1. As we adapt to the Scottish Government’s local protection levels, all those caring for children are expected to continue to act sensibly, fairly, and in line with the most recent Scottish Government guidance.

2. The guidance makes the general position clear: in all levels, there is an exemption to any travel restrictions which are in place where the travel is for the purposes of shared parenting. This means that where parents do not live in the same household, children can move between their parents’ homes. This applies no matter what local protection area you are in.

3. For separated families, this means that if there is a court order or formal agreement in place, the arrangements which it sets out should be adhered to, unless you and the other person with parental responsibilities have agreed to alternative arrangements. If alternative arrangements have been agreed, it would be sensible for each parent or carer to record these in a note, email or text message sent to each other. If you have a more informal arrangement with the other parent or carer, you should discuss how best to approach the situation.

4. Many people have been affected by Coronavirus and remain concerned about the health of themselves, their children and their extended family. Even if a parent thinks it is safe for contact to take place, the other parent or carer may still be concerned about this. This may be particularly relevant to households which include a person who is self-isolating or who is in the ‘shielding’ category. Parents or carers who live a long distance away from each other may, entirely reasonably, be worried about travelling to a different area of the country or abroad, regardless of the fact that there is an exemption to any travel restrictions which are in place for travel relating to shared parenting. At such times, communication between all parties is key to managing the situation and agreeing a sensible, practical solution.
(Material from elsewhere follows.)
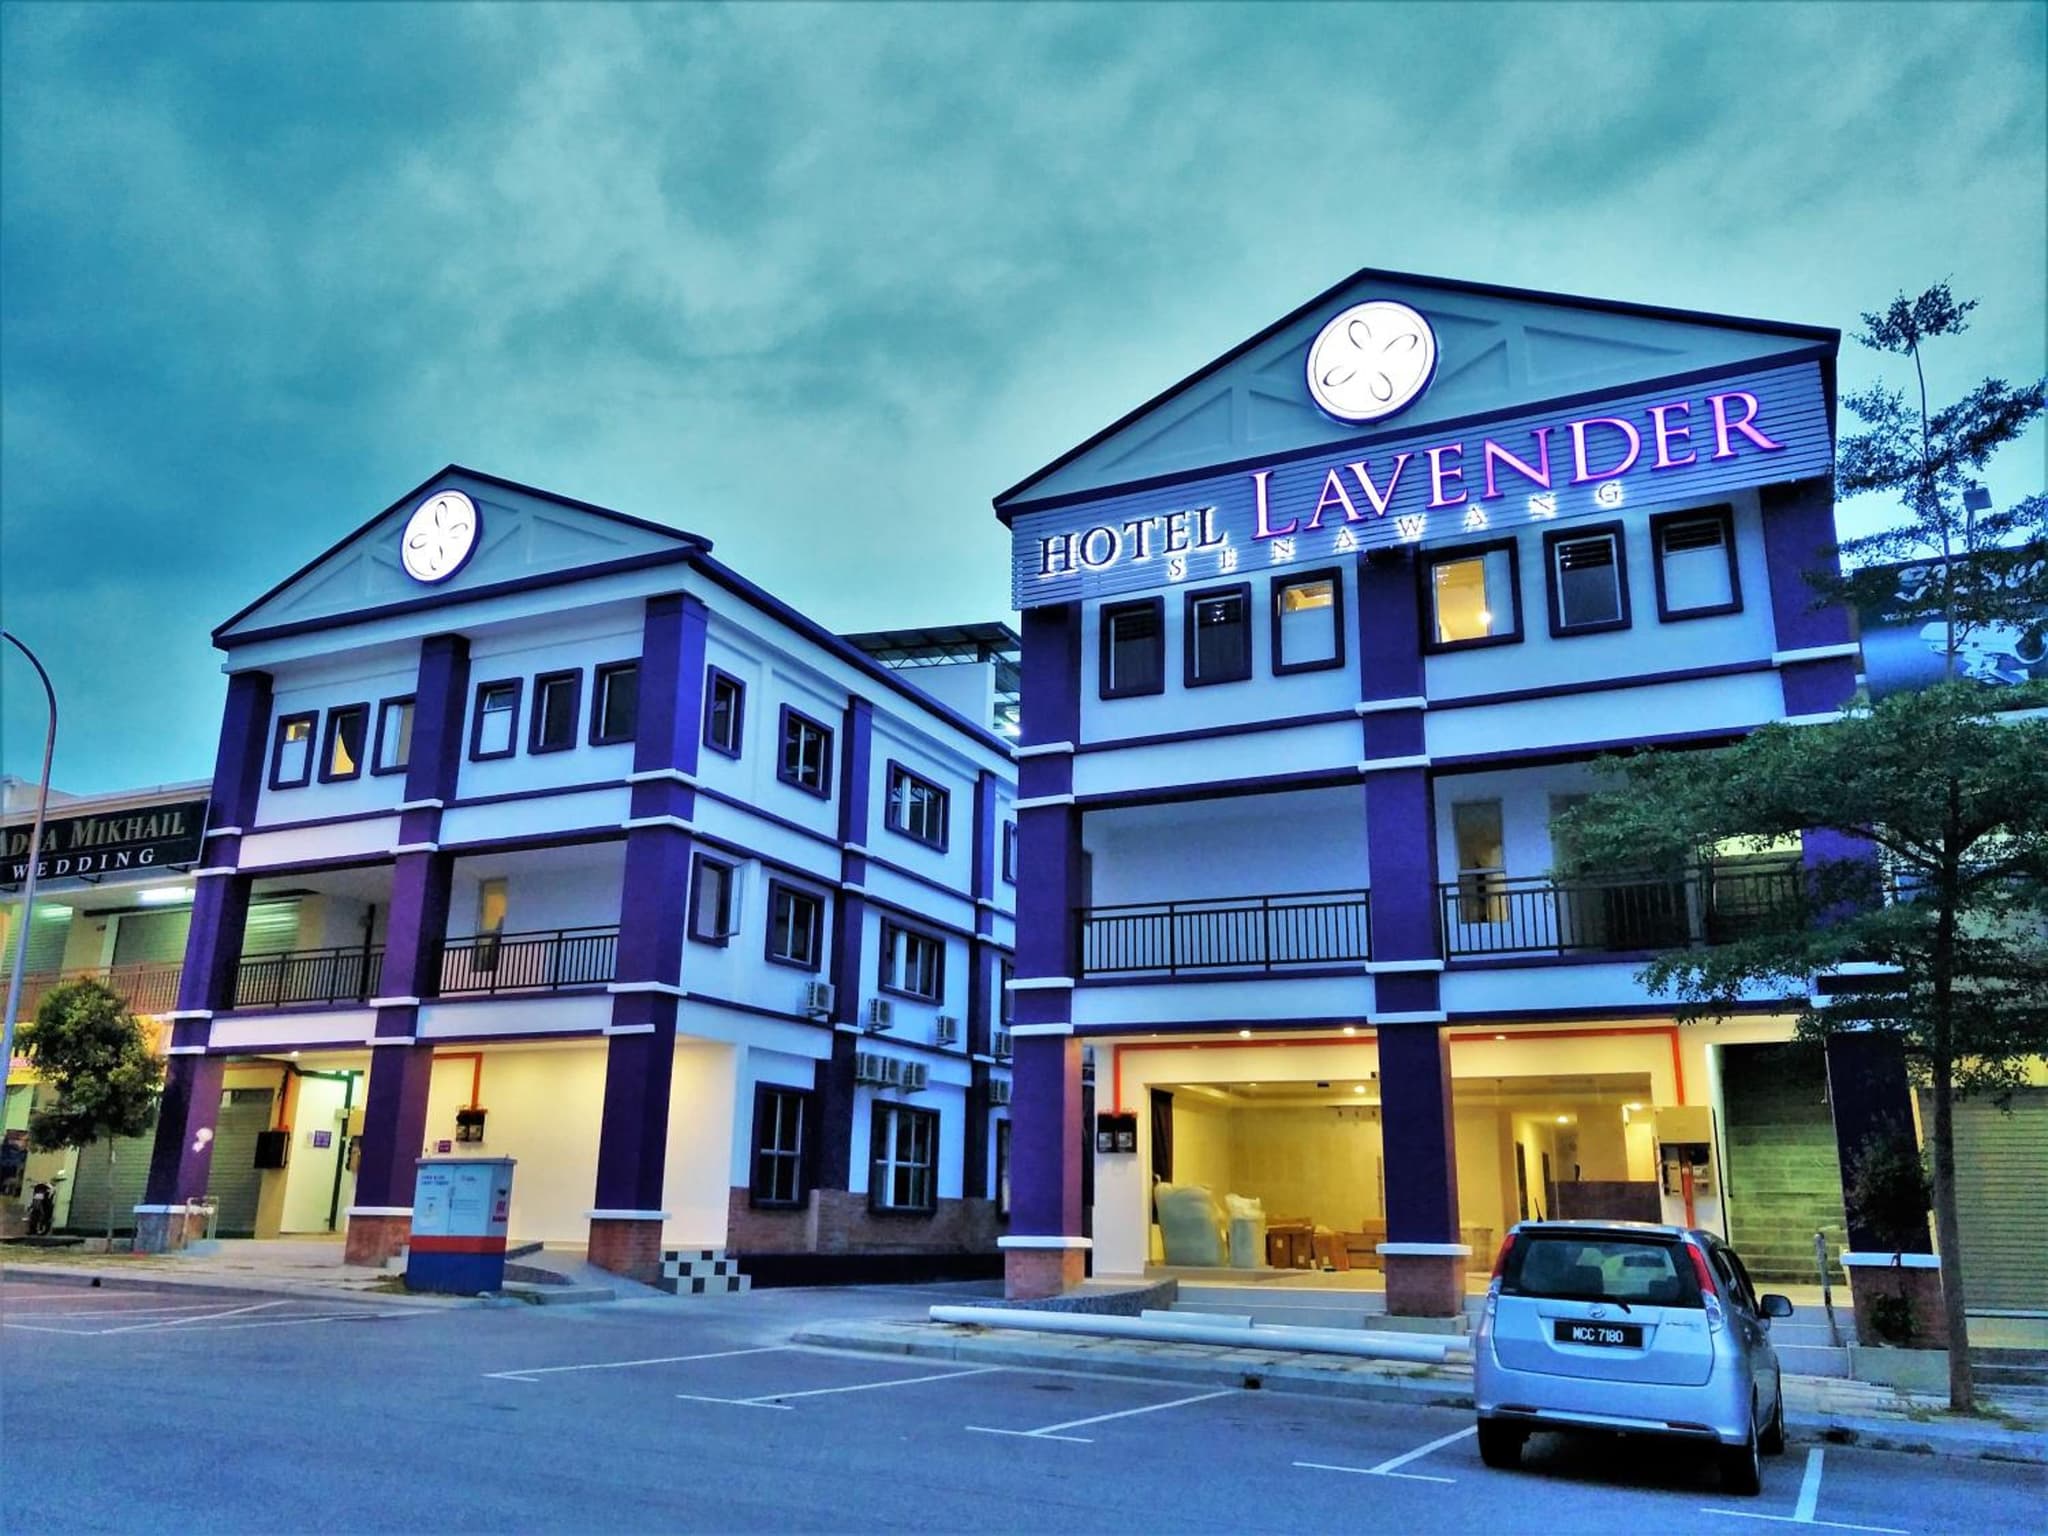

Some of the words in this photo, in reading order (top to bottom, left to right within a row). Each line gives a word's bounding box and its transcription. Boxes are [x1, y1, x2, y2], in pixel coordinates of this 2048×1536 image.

It may be necessary to consider for example, whether the venue at which contact takes place could be changed to decrease the risk to a household which includes a person who is shielding, or to limit the need for the child and the other parent or carer to travel.

5. Where there is a dispute about acting in accordance with a court order, parents should bear in mind that, if their actions are challenged by the other parent in court, the court will consider whether each parent has acted reasonably and sensibly in all of the circumstances of the case and the Government guidance in place at the time.

6. If there is any reason that a child does not spend time with the other parent or carer as set down in a court order, it is expected that alternative arrangements are to be made to establish and maintain regular contact between the child and the other parent safely. In such circumstances remote contact via FaceTime, WhatsApp, Skype, Zoom or other video connection or, if that is not possible, by telephone, should be facilitated.

7. Information regarding court hearings can be found on the Scottish Courts and Tribunals Service website. Urgent and non-urgent business is now being dealt with by the court. If you had a court hearing scheduled, which you missed because of the Coronavirus, you should contact your legal representatives or the court to rearrange this. Procedural and substantive hearings will be conducted remotely. In very rare cases where the hearing cannot be held remotely, witnesses may be allowed to attend court but will require to adhere to strict physical distancing arrangements. Cases involving children will be given priority. For the avoidance of doubt, all child welfare hearings are proceeding by way of remote means and parties are not required to attend court buildings for child welfare hearings unless directed to do so by a sheriff.